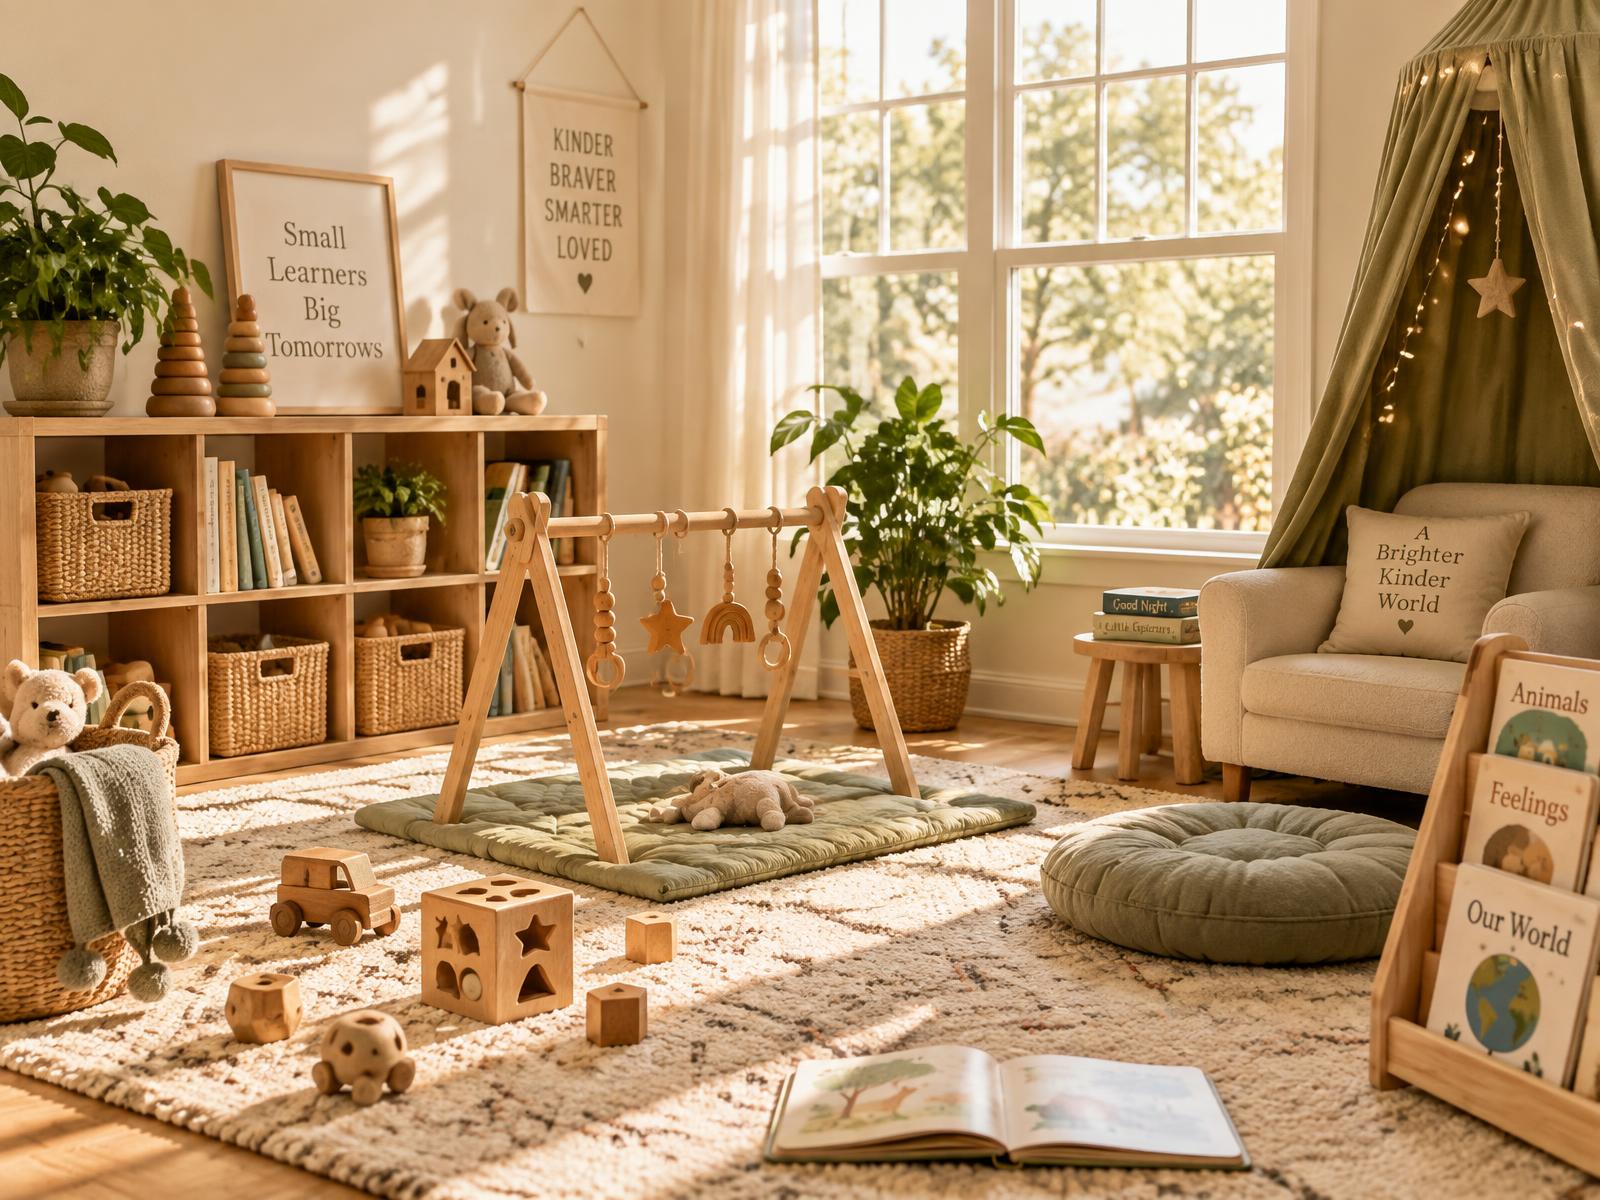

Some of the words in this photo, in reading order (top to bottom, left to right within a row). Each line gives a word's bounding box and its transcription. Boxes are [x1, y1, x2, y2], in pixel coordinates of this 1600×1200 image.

[553, 127, 614, 158] KINDER
[550, 162, 617, 193] BRAVER
[545, 198, 623, 228] SMARTER
[284, 221, 346, 250] Small
[557, 235, 613, 262] LOVED
[267, 256, 368, 287] Learners
[303, 295, 342, 329] Big
[265, 332, 384, 360] Tomorrows
[1414, 526, 1430, 541] A
[1376, 543, 1465, 567] Brighter
[1378, 567, 1452, 589] Kinder
[1112, 598, 1138, 611] Good
[1378, 592, 1441, 614] World
[1510, 681, 1589, 715] Animals
[1490, 780, 1570, 827] Feelings
[1467, 899, 1505, 933] Our
[1510, 910, 1574, 958] World
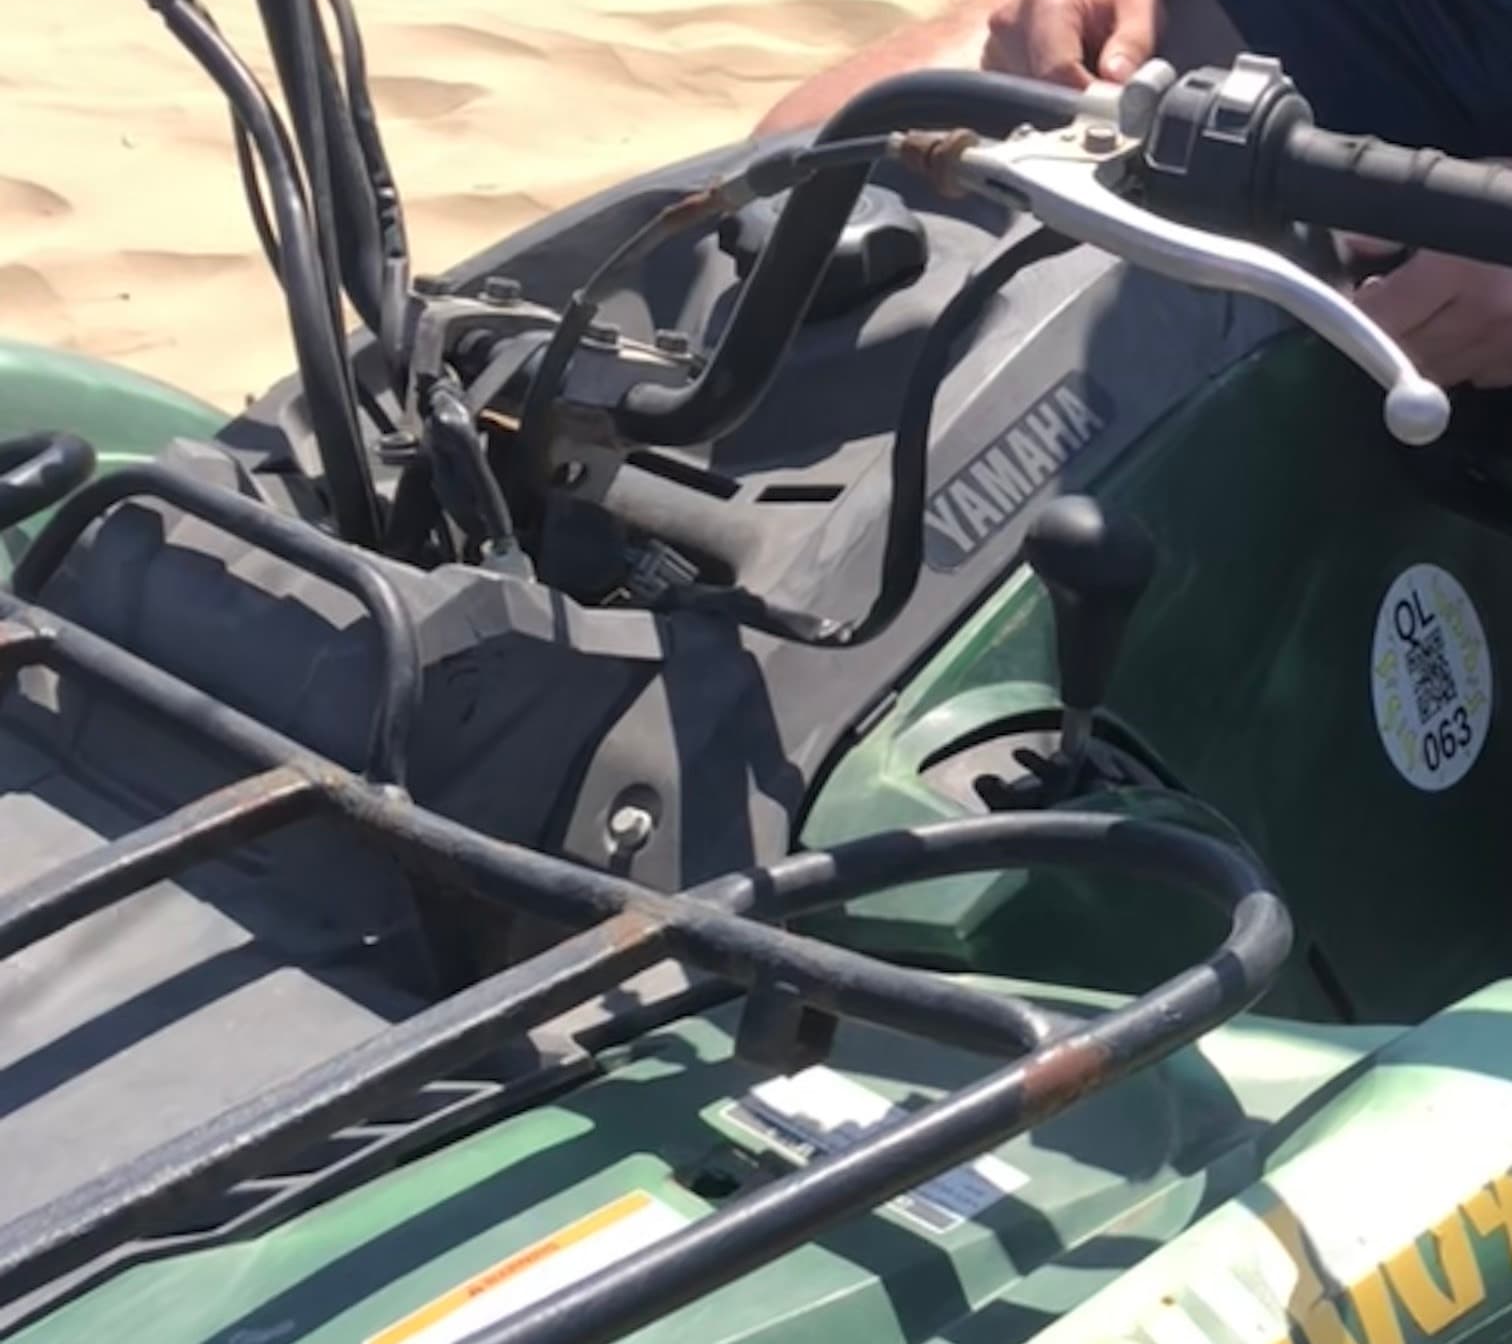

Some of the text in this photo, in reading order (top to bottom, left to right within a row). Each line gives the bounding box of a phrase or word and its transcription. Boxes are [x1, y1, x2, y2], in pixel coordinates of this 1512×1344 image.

[924, 386, 1105, 553] YAMAHA
[1394, 589, 1437, 647] QL
[1422, 706, 1473, 773] 063
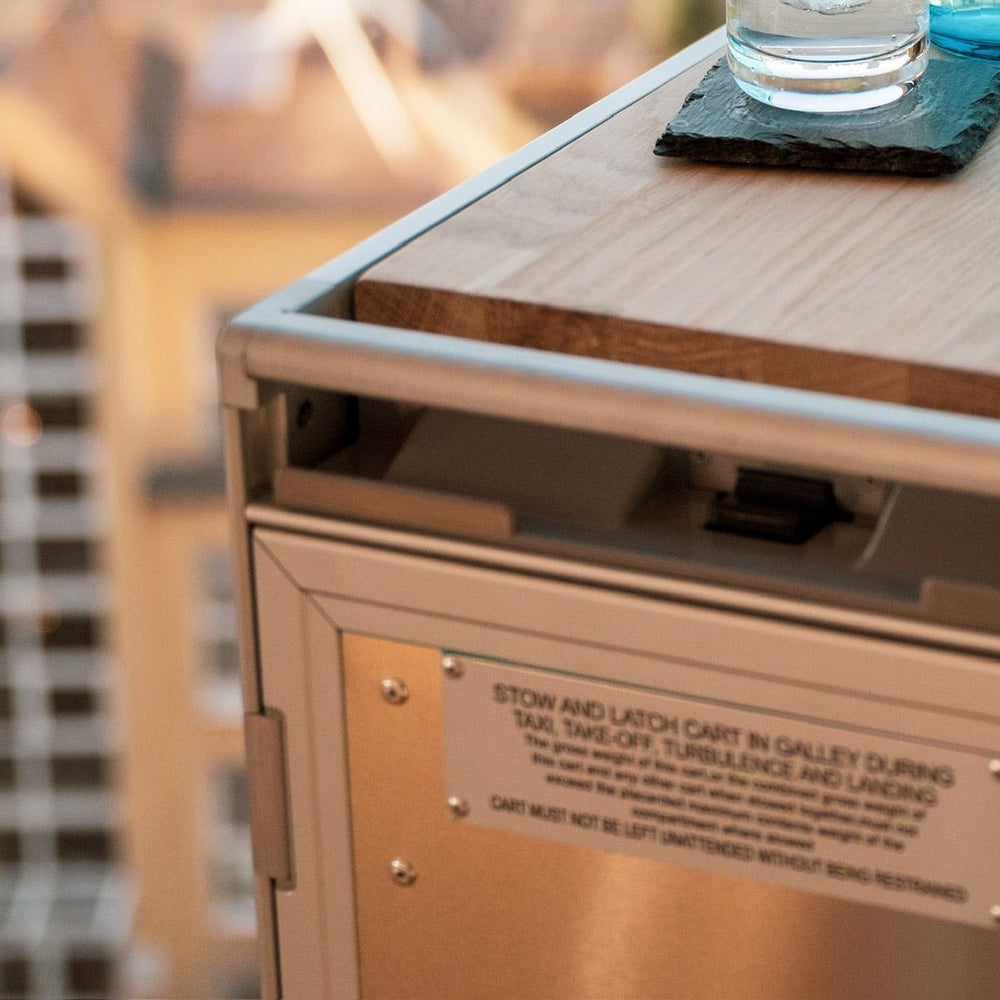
+++
Each line of the listing is to be retyped exactly, and its pictures are to be dropped.

[Written reply]
Some of the words in this photo, in reading order (top to bottom, left to right within a row). Each line gives a word's bounding box and its transcription. Boxes are [x1, y1, x2, y2], in pixel coordinates of this 1600×1200 image.

[553, 127, 614, 158] KINDER
[550, 162, 617, 193] BRAVER
[545, 198, 623, 228] SMARTER
[284, 221, 346, 250] Small
[557, 235, 613, 262] LOVED
[267, 256, 368, 287] Learners
[303, 295, 342, 329] Big
[265, 332, 384, 360] Tomorrows
[1414, 526, 1430, 541] A
[1376, 543, 1465, 567] Brighter
[1378, 567, 1452, 589] Kinder
[1112, 598, 1138, 611] Good
[1378, 592, 1441, 614] World
[1510, 681, 1589, 715] Animals
[1490, 780, 1570, 827] Feelings
[1467, 899, 1505, 933] Our
[1510, 910, 1574, 958] World

Some of the text in this photo, in reading order (top to bottom, left to right within a row). Each line gives the bounding box of a phrase or word and its transcription. Boxes are [x1, y1, x2, y2], in pixel coordinates of this 1512×1344 image.

[924, 386, 1105, 553] YAMAHA
[1394, 589, 1437, 647] QL
[1422, 706, 1473, 773] 063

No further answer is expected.